Cuando un amigo se va, queda un espacio vacío . . .
A la memoria de Eugenio Pignataro Pacheco
Por Walter L. López (q.d.D.g.),
Vicepresidente Ejecutivo
Movimiento Solidarista Costarricense
Nos unió el trabajo. No fueron muchos años pero sí suficientes para conocer y hacerme amigo de Eugenio.
Eugenio tenía un sentido de humor increíble, eso nos acercaba más pues nos reíamos de los chistes que intercambiábamos. Yo creo que por eso tenía una sonrisa permanente.
Vacilaba porque en la película "El Padrino- se dice "los Pignataros no pagan impuestos" y yo a cada rato se lo recordaba.
Fue una de las pocas personas que me decía "Waltercito" así con cariño. Siempre le intrigaba que cargaba yo tanto en mi maletín. Nunca le dije, se quedó con el clavo.
En esa relación de trabajo, con el tiempo me fui dando cuenta del increíble currículum de ese humilde amigo, que poco hablaba de él, pero entre cosas me contó que tenía una casa grande, como él le gustaba. También me hablaba de sus religiosas idas a la iglesia los domingos. Se sentía muy orgulloso de su familia, de sus logros. Se le salía hasta los poros.
Siempre me decía, yo ya voy de salida, no quiero ya meterme en muchas cosas, pero al final lo convencían.
Lo conocí en Cámara de Comercio y luego cuando pasó a la Unión de Cámaras, estuvimos más de cerca, porque él coordinaba a Comisión de Desarrollo Social, entonces veíamos proyectos relacionados con los trabajadores.
Sin duda Eugenio fue un insigne trabajador del sector empresarial de este país.
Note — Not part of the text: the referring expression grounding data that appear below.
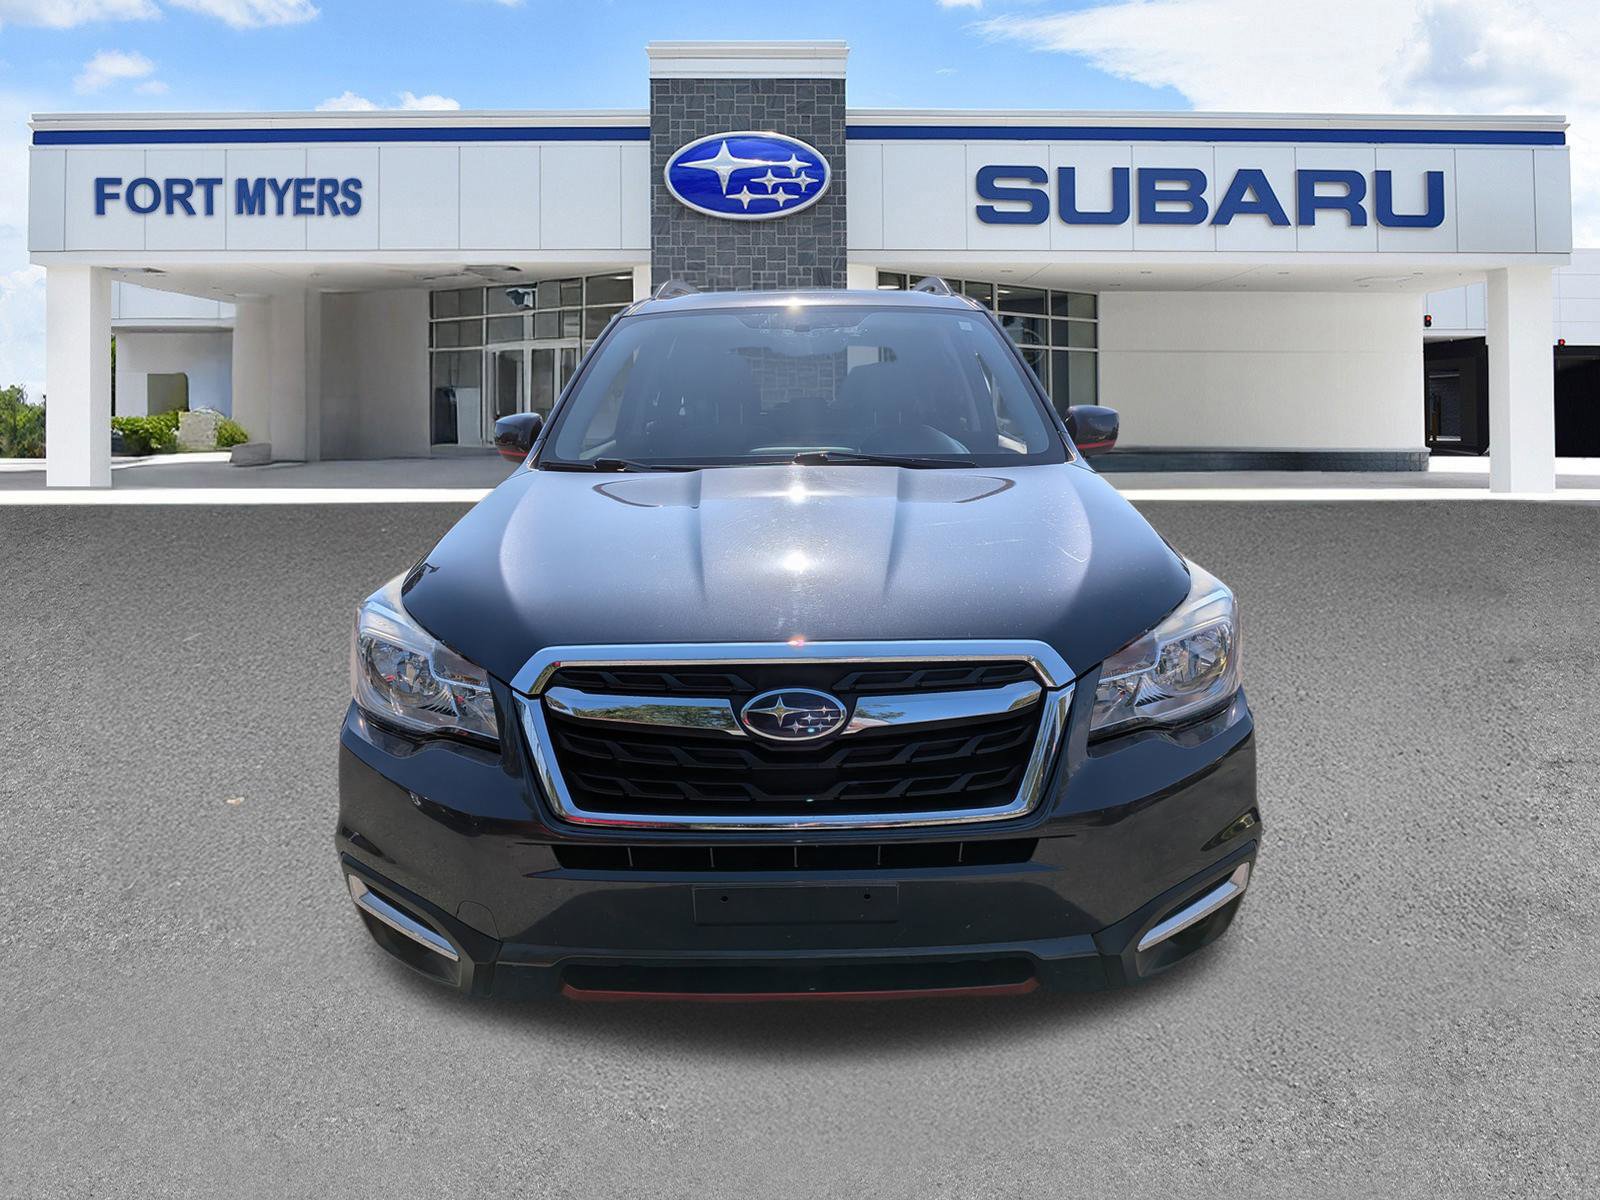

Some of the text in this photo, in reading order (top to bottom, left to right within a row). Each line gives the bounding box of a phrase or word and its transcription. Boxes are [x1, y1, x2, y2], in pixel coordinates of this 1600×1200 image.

[94, 177, 363, 217] FORT MYERS
[975, 164, 1446, 228] SUBARU
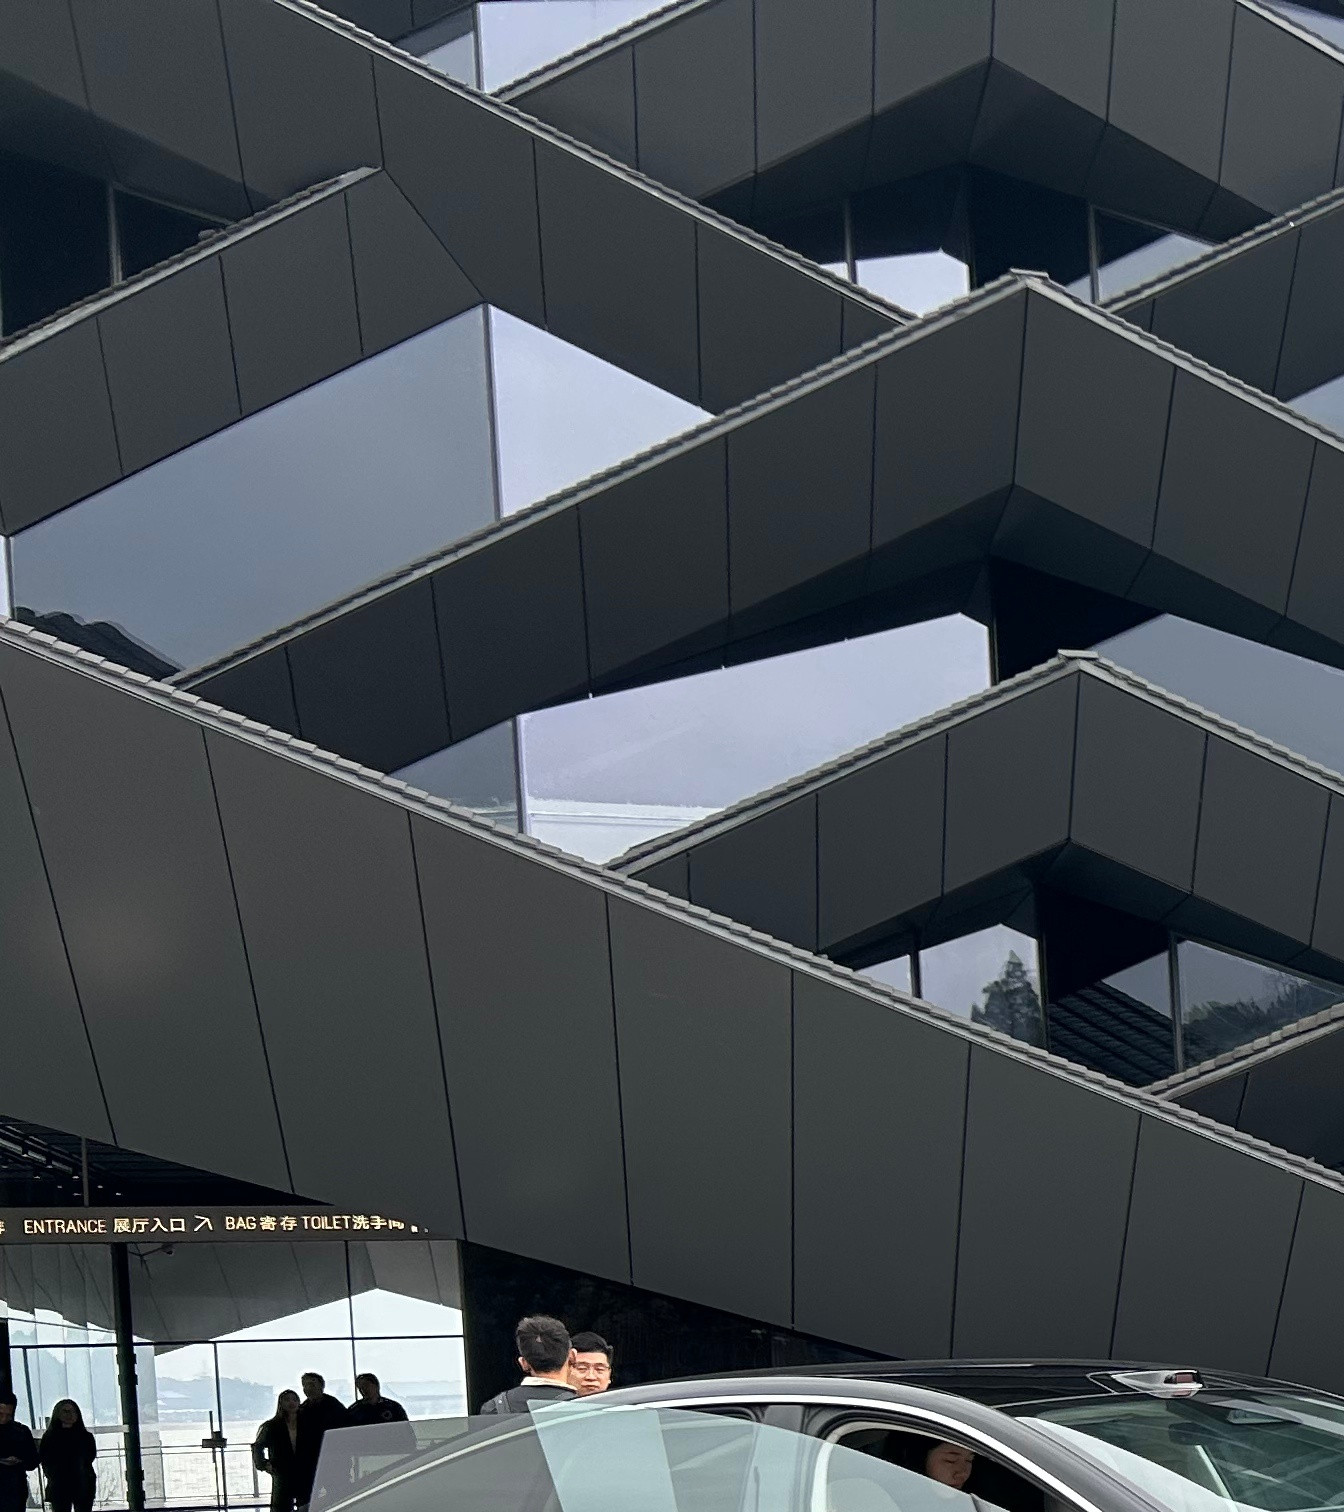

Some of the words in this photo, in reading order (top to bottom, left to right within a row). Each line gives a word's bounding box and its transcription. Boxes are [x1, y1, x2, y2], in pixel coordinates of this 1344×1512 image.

[24, 1219, 107, 1234] ENTRANCE
[113, 1217, 186, 1233] 展厅入口
[225, 1216, 256, 1230] BAG
[259, 1215, 298, 1231] 寄存
[301, 1215, 351, 1230] TOILET
Mucho obtuvimos gracias a su trabajo, especialmente tendiendo puentes para que sindicalistas, cooperativistas, solidaristas y empresarios, trabajáramos juntos por Costa Rica, anteponiendo el interés común al gremial.
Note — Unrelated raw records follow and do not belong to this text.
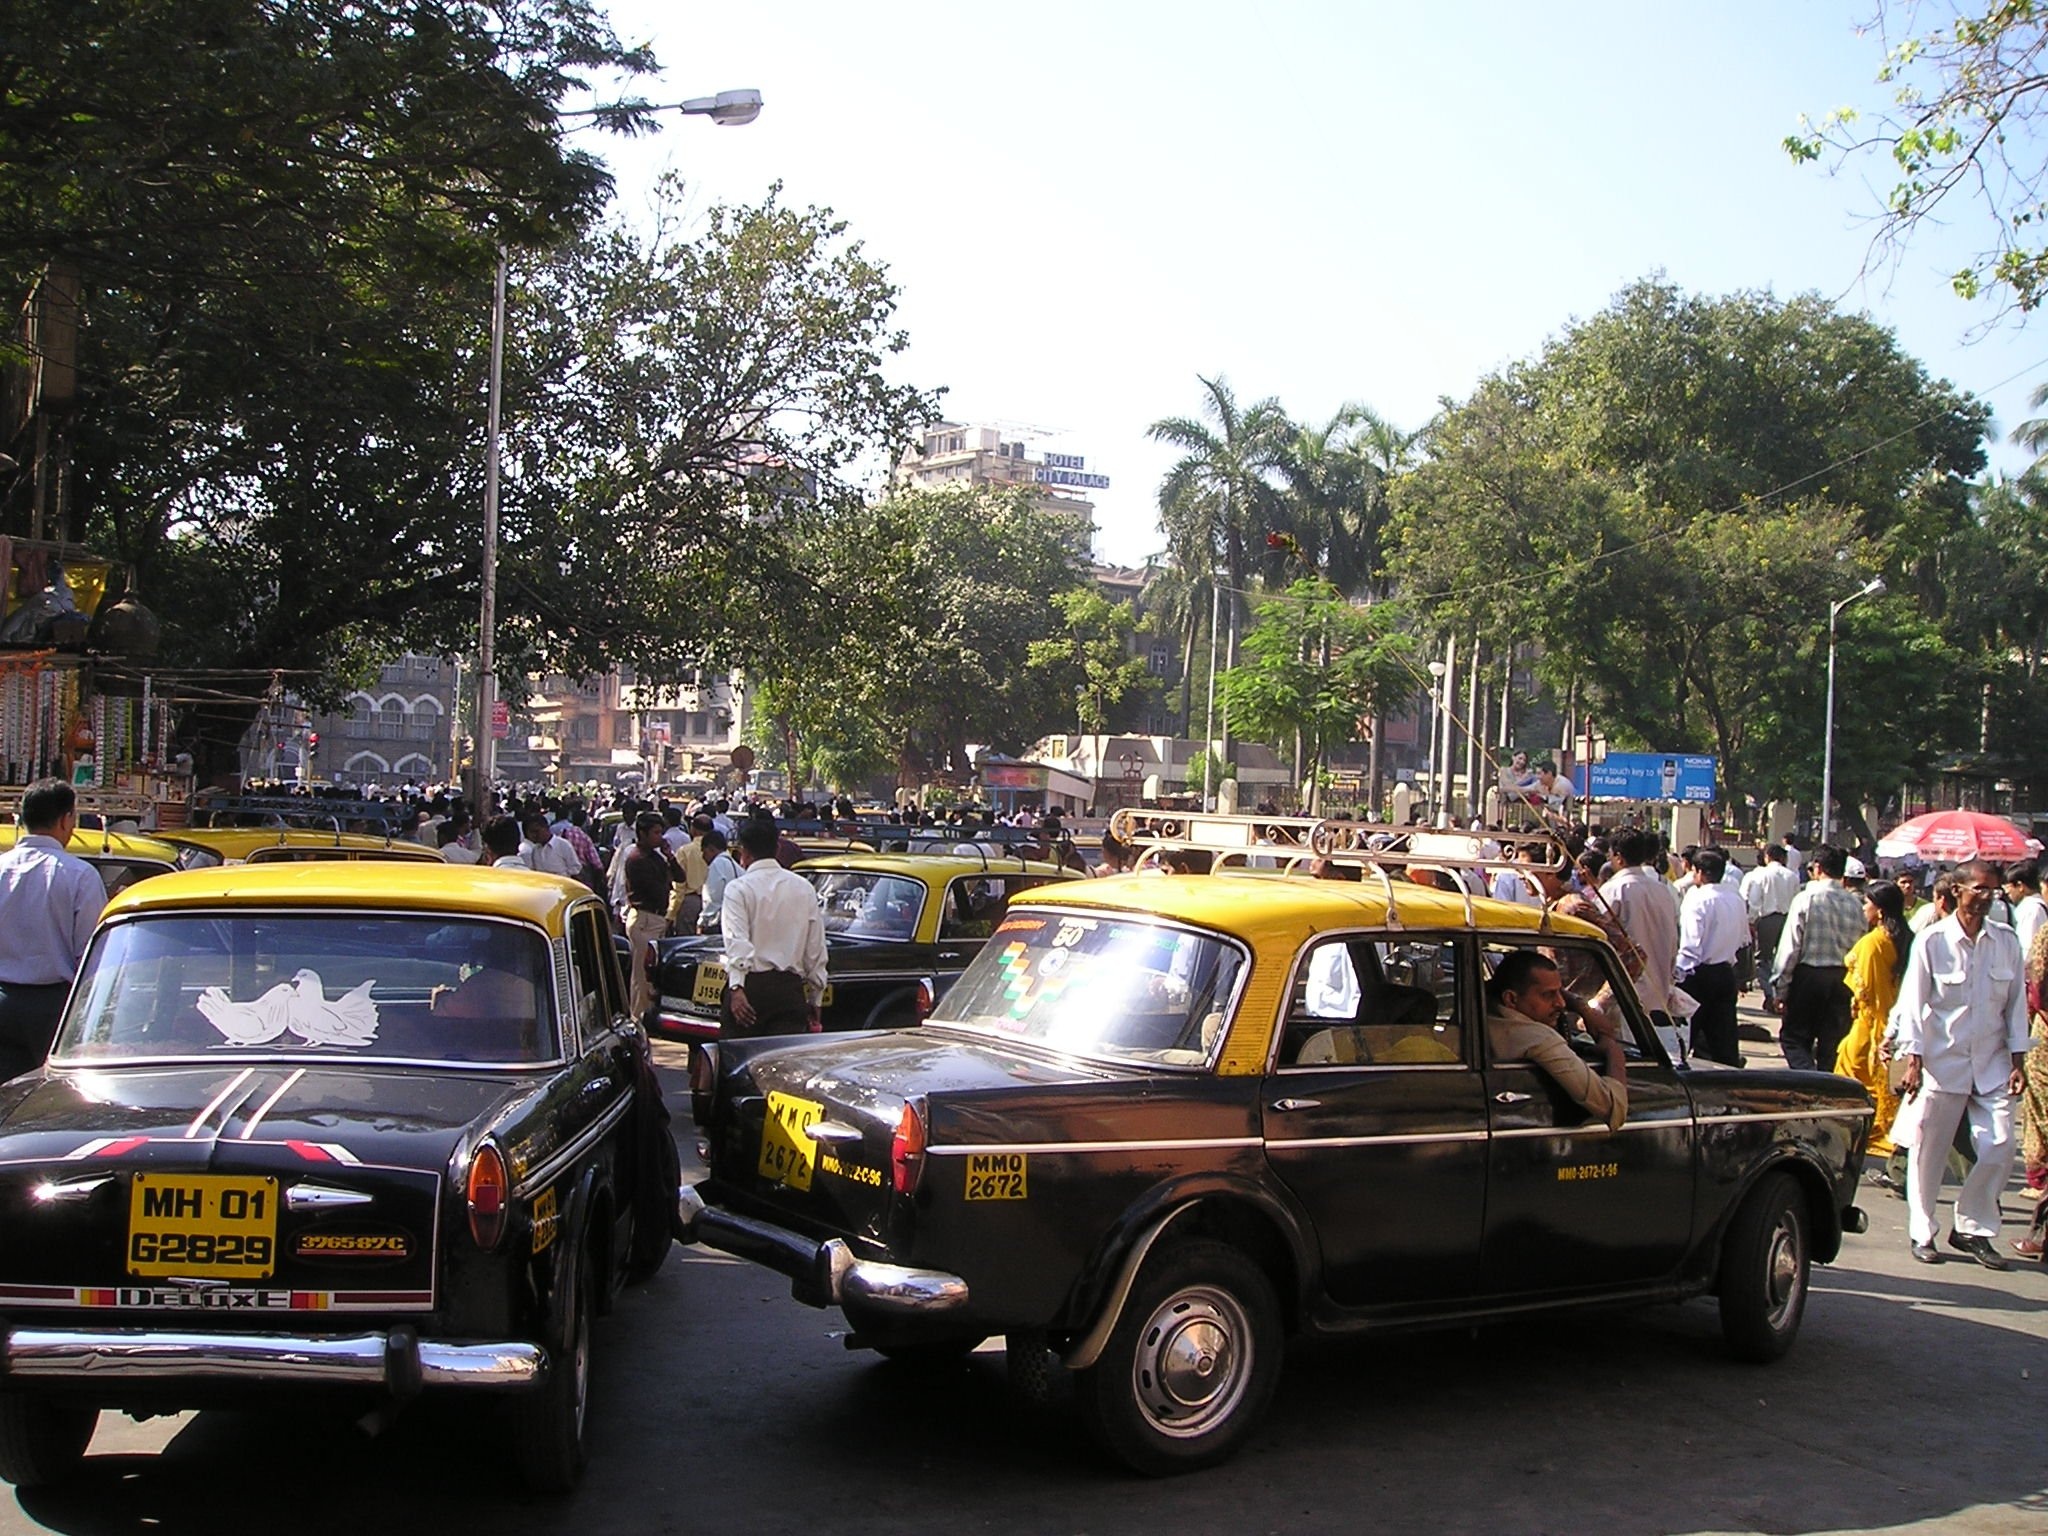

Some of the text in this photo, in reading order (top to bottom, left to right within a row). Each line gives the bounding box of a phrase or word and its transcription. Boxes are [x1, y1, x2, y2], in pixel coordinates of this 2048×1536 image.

[1044, 453, 1084, 469] HOTEL
[1036, 468, 1109, 488] CITY PALACE
[1684, 757, 1712, 765] NOKIA
[1592, 767, 1609, 775] One
[1609, 767, 1631, 776] touch
[1632, 768, 1644, 777] key
[1592, 776, 1627, 785] FM Radio
[703, 966, 718, 979] MH
[765, 1140, 808, 1178] 2672
[969, 1174, 1024, 1199] 2672
[143, 1187, 265, 1220] MH 01
[131, 1233, 272, 1266] G2829
[120, 1288, 290, 1310] DELUXE
Precisamente en sus últimos días, andaba entre manos un proyecto con ese propósito.
Luego compartimos con él en las reuniones de los comentaristas de PANORAMA. Ya no escucharemos "este fue un comentario de Eugenio Pignataro Pacheco y de la Cámara Nacional de Radio". Fueron muchos sus comentarios. Nunca usó ofensa, amenazas o lenguaje belicoso. Sus comentarios eran certeros, producto de la pluma de un hombre que entendía muy bien nuestra problemática, decente y que además conocía a todo el mundo. Los contactos de Eugenio eran abundantes. Nunca escuché a alguien hablar mal de él.
Igual disfrutamos de su columna "dos más dos" en el periódico La República. Confieso que nunca me perdí una.
Cuando yo tenía algo que compartir con él, lo llamaba y sin pensarlo pasaba pronto por mi oficina y se tomaba el tiempo para escucharme.
El martes 13 de septiembre lo vi por última vez. Para variar me dijo "quédate, quiero hablar con vos un ratito". Me enseñó unos chistes, buenísimos por cierto, gozamos a más no poder.
El domingo 17 de septiembre me contestó un mail desde su casa. Raro, porque entiendo que él los domingos no trabajaba. Abrí mi correo el lunes dieciocho, sin saber que a las 6:30 de la mañana lo había sorprendido la muerte. Paradójico porque andaba caminando para ponerse en forma. Así es la vida.
En fin, que descanse en paz mi querido amigo, gracias por tu ejemplo y por querer y servir tanto a Costa Rica.